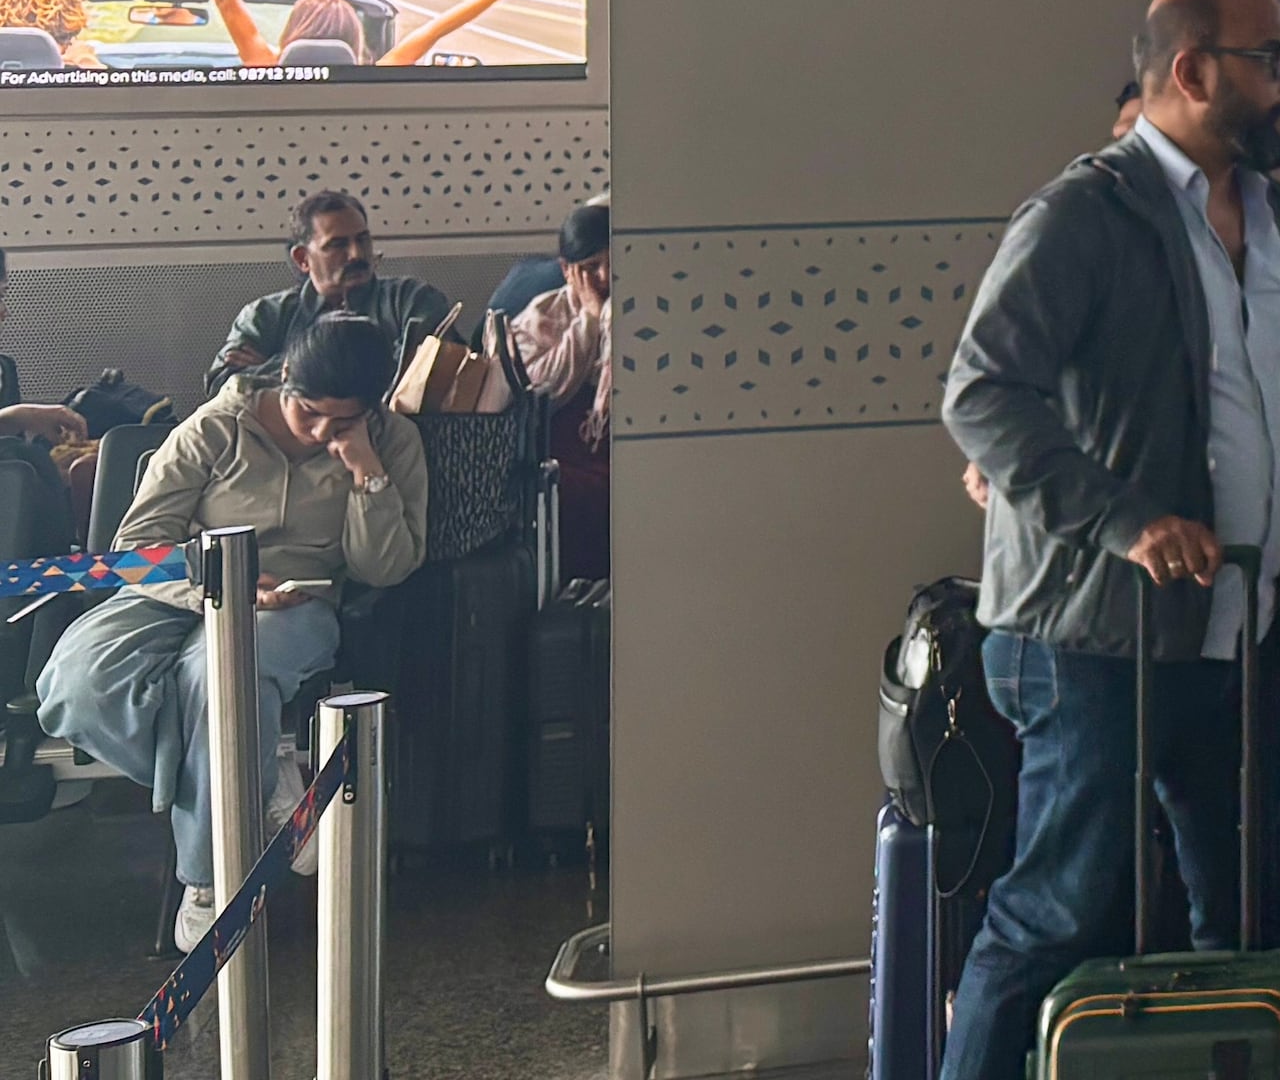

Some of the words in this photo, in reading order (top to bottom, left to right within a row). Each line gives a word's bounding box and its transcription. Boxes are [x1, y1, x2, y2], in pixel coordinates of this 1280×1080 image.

[1, 72, 26, 85] For
[27, 71, 108, 85] Advertising
[110, 72, 130, 83] on
[131, 70, 157, 82] this
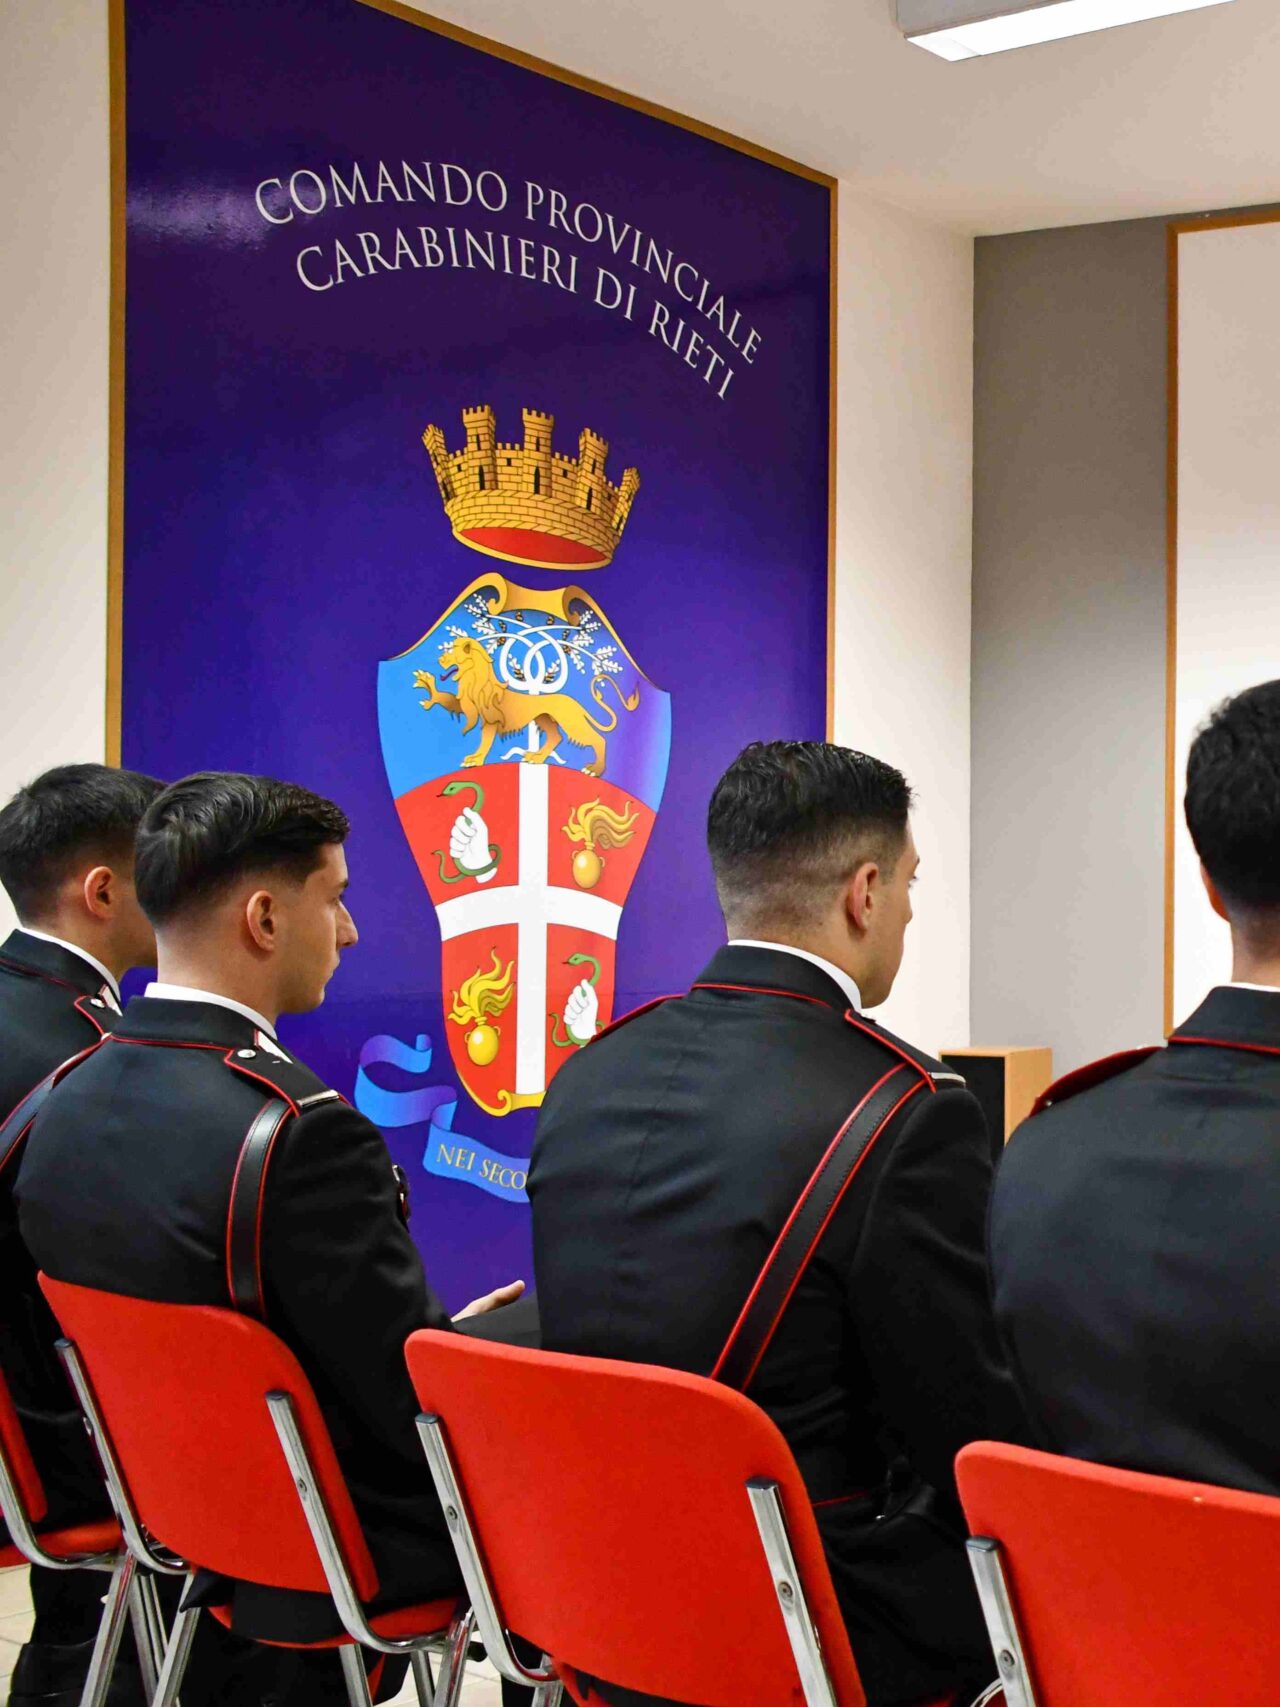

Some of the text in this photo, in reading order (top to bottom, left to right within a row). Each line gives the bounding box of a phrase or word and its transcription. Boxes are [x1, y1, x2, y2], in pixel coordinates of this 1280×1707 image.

[255, 160, 762, 364] COMANDO PROVINCIALE
[296, 226, 735, 400] CARABINIERI DI RIETI
[436, 1143, 528, 1190] NEI SECO
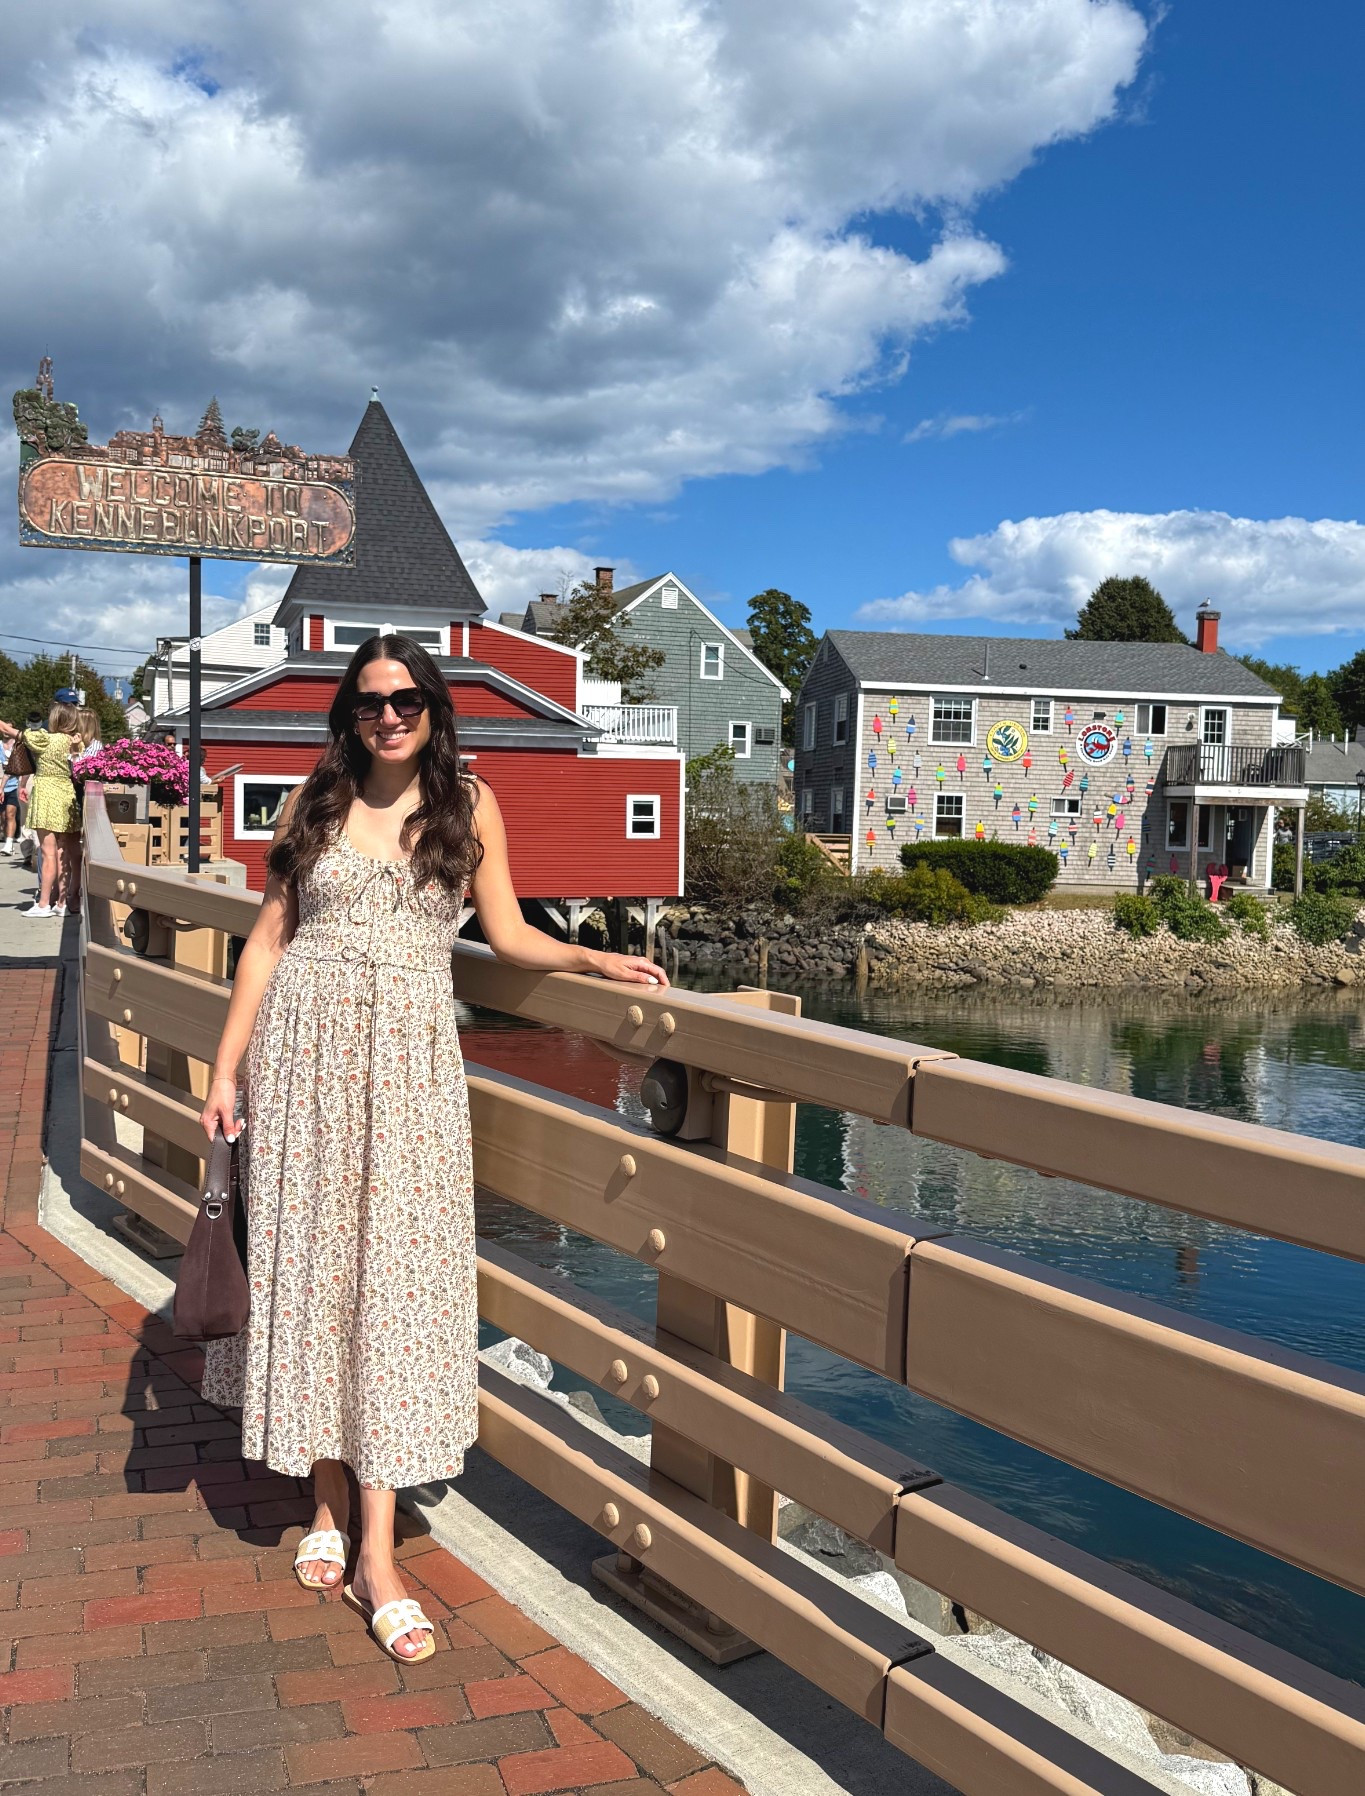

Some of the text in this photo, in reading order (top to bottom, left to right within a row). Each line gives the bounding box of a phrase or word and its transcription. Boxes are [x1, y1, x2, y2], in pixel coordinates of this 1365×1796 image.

[76, 464, 302, 517] WELCOME TO
[50, 498, 330, 554] KENNEBUNKPORT

━━━━

▶ WORK REQUEST: Locate "this 1365×1796 image." in the data above. Then repeat, exactly, its line and each line after it through the last, adding nothing.

▶ EXERCISE OUTPUT:
Some of the text in this photo, in reading order (top to bottom, left to right within a row). Each line gives the bounding box of a phrase or word and its transcription. Boxes are [x1, y1, x2, y2], in pixel coordinates of this 1365×1796 image.

[76, 464, 302, 517] WELCOME TO
[50, 498, 330, 554] KENNEBUNKPORT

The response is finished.